Good morning both of you.

Having been a charter broker for 29 years, 1,000''s of clients, and a full year of cruising my own boat with wife and kids throughout the Caribbean, I can comfortably say the Leeward Islands is very easy and a wonderful transition from the BVI''s. For instruction, protected waters, and first-time charterers, I always recommend the BVI. That is why it is and will always be the #1 charter area in the world. You have 35 islands within a 15 mile radius and distances of no more than 4-5 miles. Personally, I have over 300 days in the BVI''s and know all the ''unknown'', less-populated anchorages which is normal considered ''local knowledge'' and not published in the cruising guides. Every service and amenity is available for all persons on your boat and it is a difficult place to match----------except for the crowds in the high season of Dec 15-April 15.

And definitely if you feel comfortable you should sail to Anegada, which most people feel is off limits, but you should allow 9-10 days to see the prime spots in the BVI as well as allowing 1/2 day sail each way to Anegada.

Leeward Islands:
St Martin, the famous St Barts (12 miles away), and Anguilla (6 miles from St Martin) is also a very popular destination for charterers. The distances are short, line of sight navigation (no fog), very few reefs or areas of concern and phenomenal food, especially on St Barts & the French side of St Martin. If you could allow 10 days, I would definitely sail to Nevis and St Kitts, but it is approximately 44 miles from St Barts, so it obviously takes the better part of a day to get there. Once you have experience here, you could charter in Guadaloupe, Martinique, or the Windward Islands; but there the charter companies really want to see two somewhat qualified skippers or a resume which includes prior charters elsewhere. Here again a broker can help you fill in a resume or assess your skill levels.

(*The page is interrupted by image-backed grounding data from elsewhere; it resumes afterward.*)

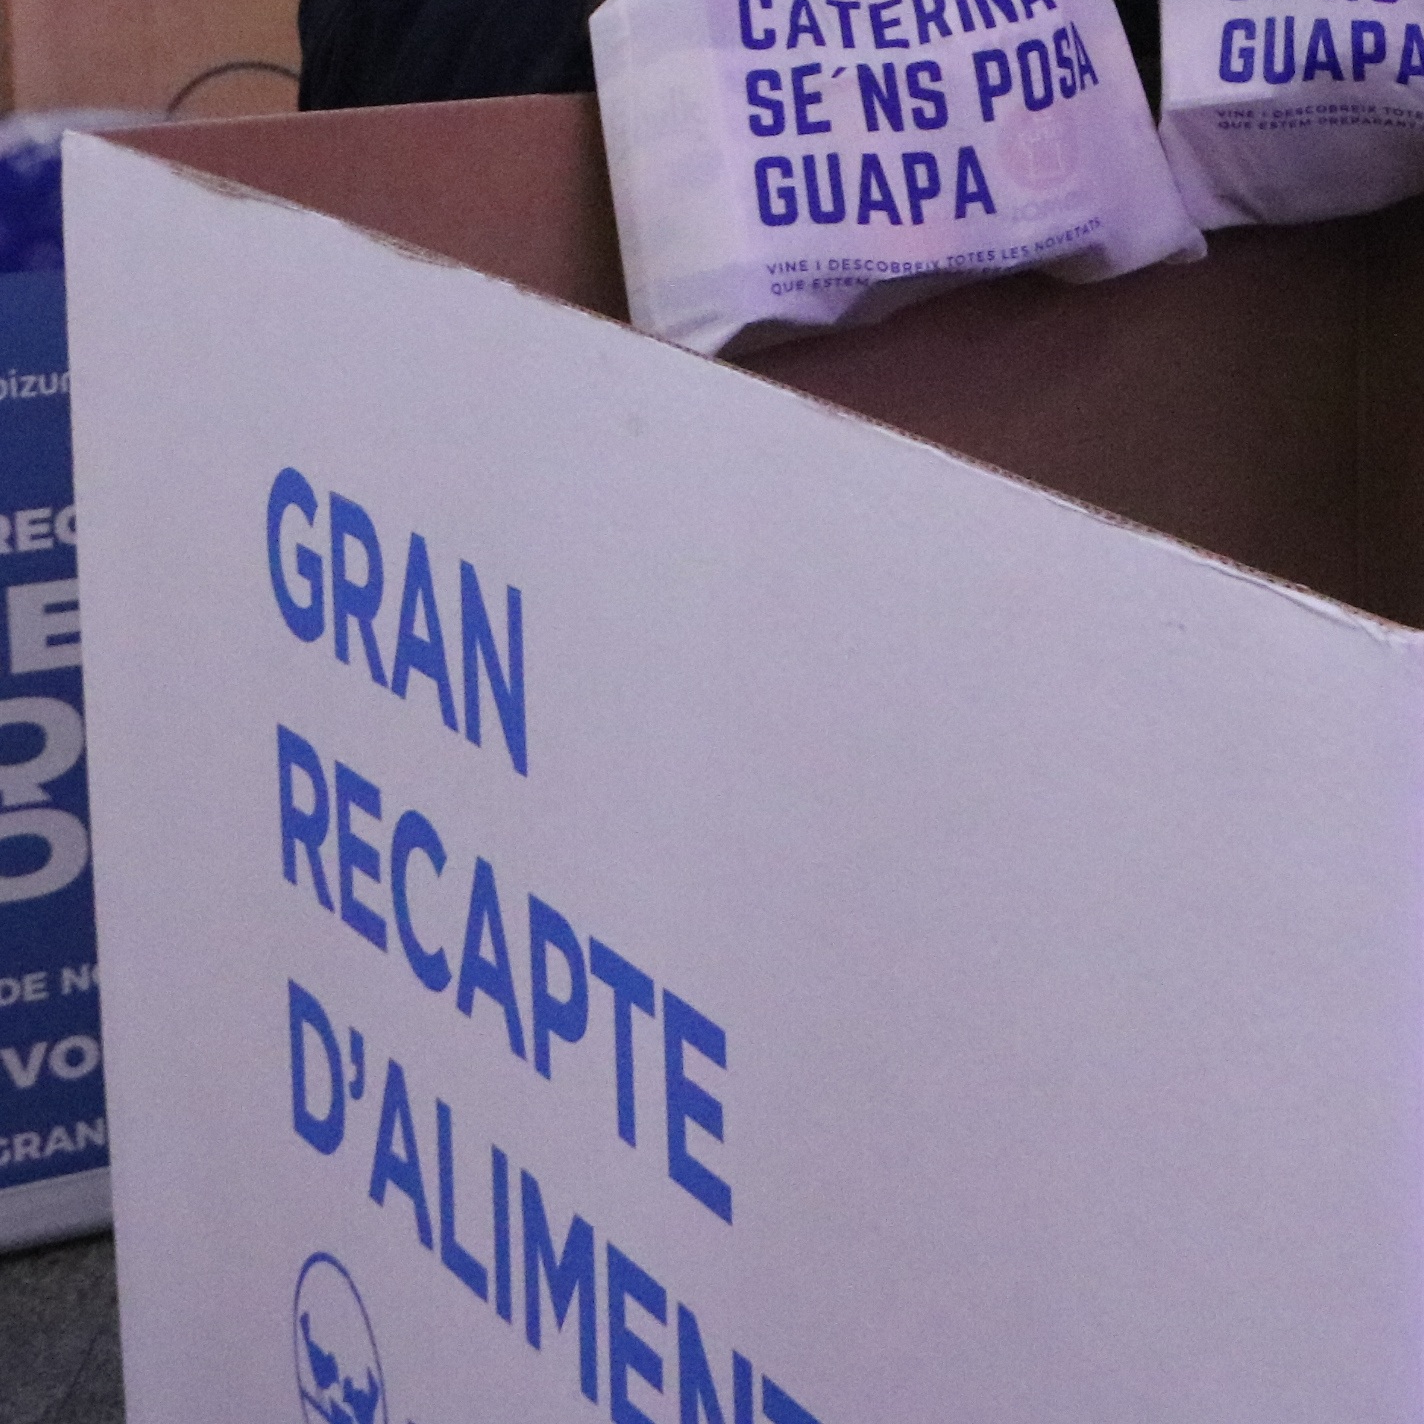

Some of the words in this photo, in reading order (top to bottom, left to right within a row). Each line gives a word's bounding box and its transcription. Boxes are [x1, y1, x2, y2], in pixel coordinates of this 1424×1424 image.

[744, 59, 949, 138] SE'NS
[973, 20, 1100, 123] POSA
[753, 145, 997, 228] GUAPA
[766, 260, 809, 275] VINE
[946, 250, 995, 268] TOTES
[1002, 245, 1029, 261] LES
[771, 279, 805, 295] QUE
[265, 466, 529, 778] GRAN
[276, 721, 733, 1226] RECAPTE
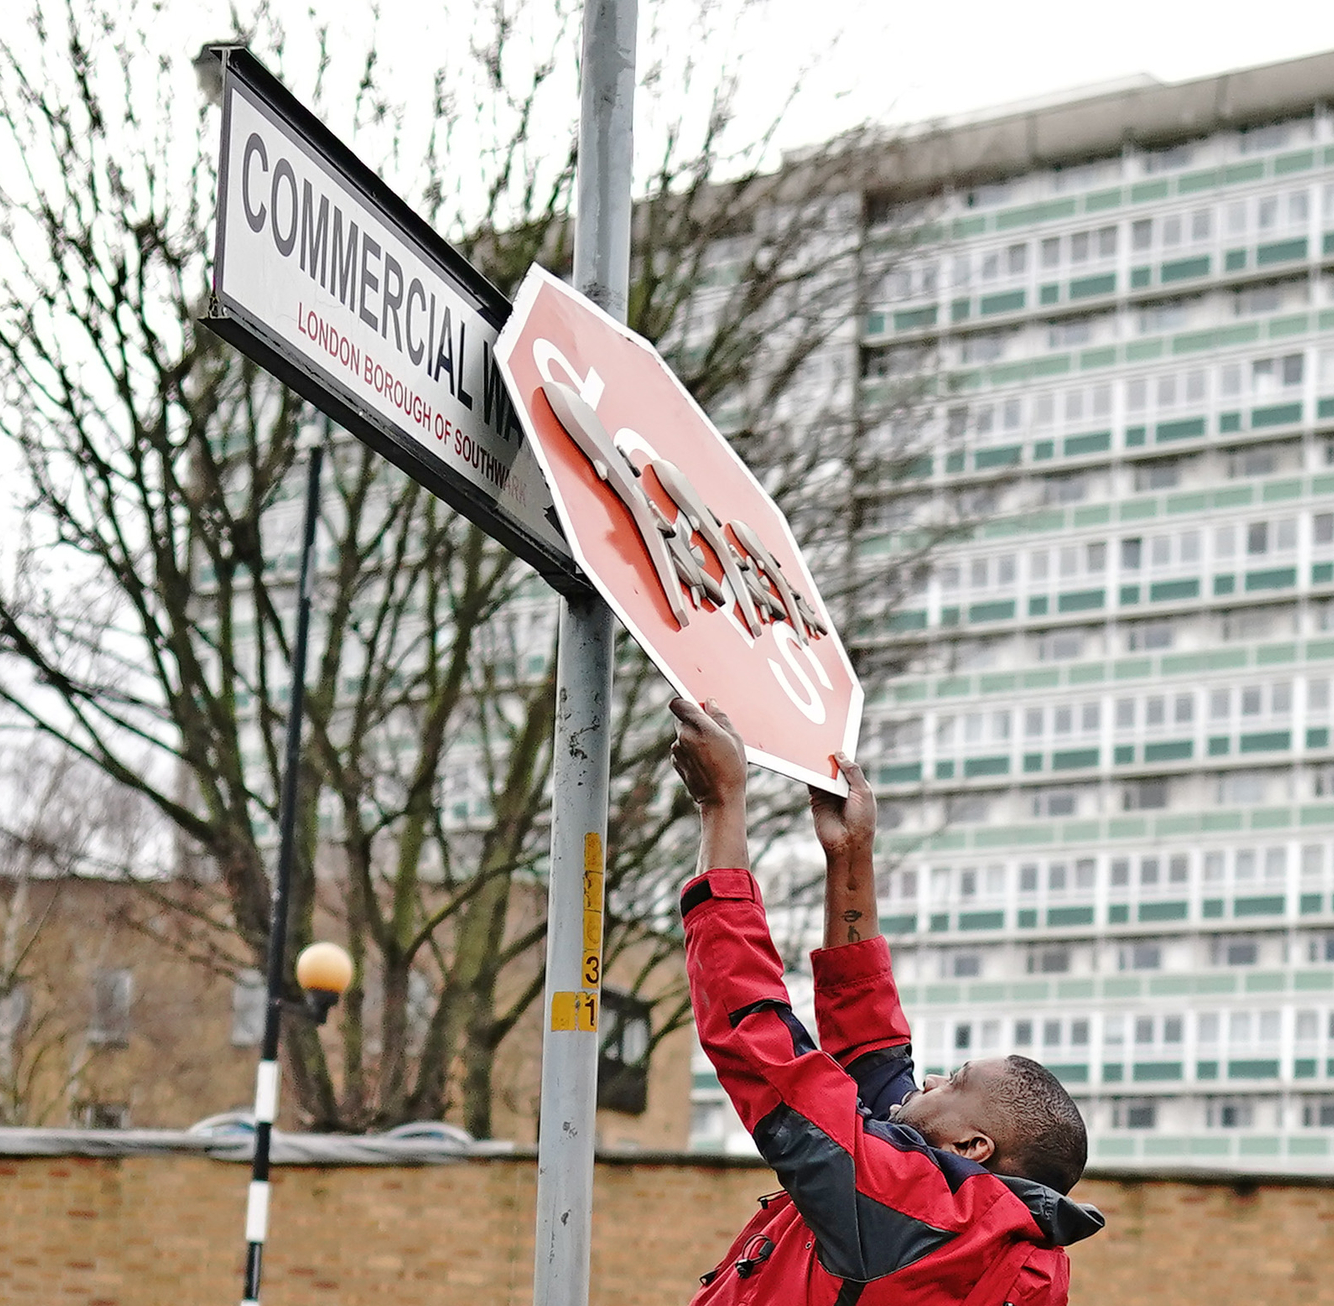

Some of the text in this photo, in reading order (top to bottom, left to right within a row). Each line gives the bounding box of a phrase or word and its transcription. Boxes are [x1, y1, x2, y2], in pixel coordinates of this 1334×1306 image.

You should ask you about 30 questions of the charter company or charter broker you use to better understand your skills, competence, seaworthy persons on your boat, quality of accommodations you usually choose on land, interests in cuisine while dining ashore (after all you are on vacation), budget, # of persons aboard, # of competent sailors, and much more. A qualified & knowledgeable charter broker or charter company can usually save you money on your charter, provide you with a wealth of knowledge, often direct you to savings on air ( I log all my clients on various internet web sites and contact tour operators to save clients money), provide charts (with highlights marked on them) and cruising guides; and we represent every charter company. A broker also stays abreast of all the designs, quality of service, destinations, etc.. 

SIZE OF BOATS:
Perhaps less than 5% of the worldwide fleet of thousands of charter boats are under 37'' because the charter companies cannot afford to operate smaller boats and the greatest demand has been for 46-50'' monohulls and more recently catamarans (for comfort and your non-sailing, non-heeling friends you invite). If you can operate a 32'' sailboat you can easily transition to a 40'' or larger boat, as it is no different than renting a 35'' motorhome when you can operate an automobile. As with the larger vehicle, the differences are primarily operating in confined quarters (docking & anchoring) and you will find you rarely ever dock while cruising in the Caribbean. I have a variety of checklists I provide clients which encourage the very first day certain exercises which you do after leaving the dock that will build your confidence on handling that larger vessel.

COMPETENCE
If only one person in your family is a sailor, I would suggest two things. Find a good sailing school closeby and encourage your partner to take a beginning sailing course or contact a school/charter company and request an instructor and a boat for two hours to teach the non-sailor how to start and stop an engine, hoist and drop the sails, operate a VHF radio, encourage the skipper to wear a safety harness when they leave the cockpit (to dramatically reduce the anxiety of your non-sailing spouse), tack, anchor,etc. . I will admit the BVI with all the mooring buoys make it so simple for a shorthanded skipper (with non-sailing spouse) to comfortable charter. When you return to charter company docks, they generally will not allow you to dock a boat yourself, but to use an end tie. A number of these overseas companies will provide a skipper/instructor for free (2-4 hours) or you can pay for one on a per day basis until you feel comfortable after 1 or more days.

BUY A STATEROOM or TAKE LESSONS ON YOUR OWN PRIVATE CHARTER
I often have clients who would feel more comfortable hiring an instructor/skipper/tour guide and if interested you can acquire either ASA or US Sailing Certifications during your holiday. A congenial, well-trained instructor can really enhance your learning vacation as well as building confidence for future charters anywhere in the world.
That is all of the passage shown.